92 Ill. 279 | Ill. | 1879

Mr. Justice Mulkey

delivered the opinion of the Court:

On the third day of September, 1877, appellee commenced in the Randolph circuit court an action of ejectment against appellant for the recovery of the south-east quarter of the southeast quarter section 3, township 4 south, range 7 west, in the county of Randolph and State of Illinois. At the September term, 1877, of the court, the cause, by consent of parties, was submitted to the court without a jury. Upon hearing the evidence the court found in favor of appellee and entered judgment accordingly. Appellant brings the record to this court and assigns for error the finding and judgment of the circuit court.

Upon the trial below appellee showed a prima facie right to recover the premises in question by proving a connected chain of title from the Government to himself. Appellant relied upon possession of the premises under claim and color of title made in good faith, and payment of all taxes legally assessed thereon for seven years. For the purpose of establishing this defence appellant put in evidence a tax deed for the premises in question, executed on the 21st of March, 1862, by the sheriff of the county to himself.

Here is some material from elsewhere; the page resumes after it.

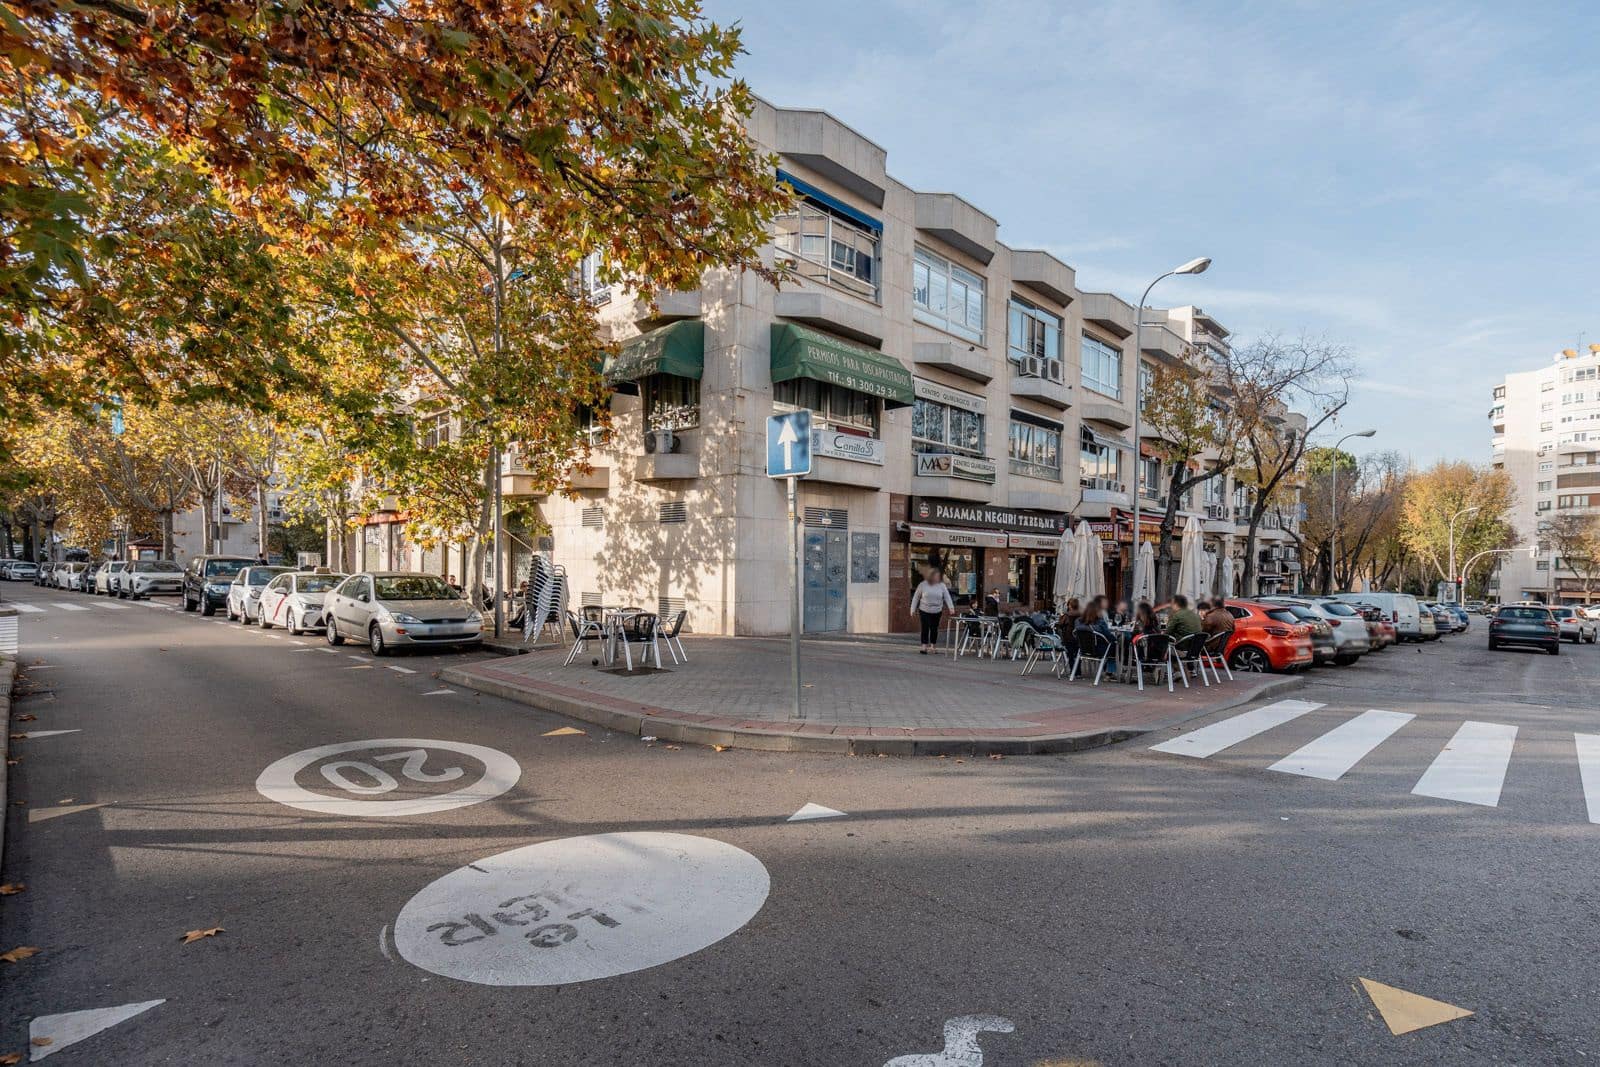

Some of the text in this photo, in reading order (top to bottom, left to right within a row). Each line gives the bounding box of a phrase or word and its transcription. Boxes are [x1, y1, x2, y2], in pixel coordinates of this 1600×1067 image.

By the recitals in this deed, and other evidence in the case, it appears that the premises in question were, on the 22d of September, 1856, sold for the taxes of 1855 to one James Thompson, who, on the 21st of January, 1861, assigned his certificate of purchase to appellant, by means of which he obtained a sheriff’s deed which is relied on as color of title. Appellant also put in evidence seventeen tax receipts, which, together with his own testimony, show conclusively that - he had paid all taxes assessed upon the premises for seventeen consecutive years, commencing with the year 1860. The date of the first payment is not shown, but it was doubtless made in 1861, and probably about the time he obtained the certificate of purchase. The tax deed is in the usual form and entirely regular so far as anything appears upon its face. Indeed, no objections are urged against its sufficiency. The only objection suggested against it is that it was not pertinent to the issue.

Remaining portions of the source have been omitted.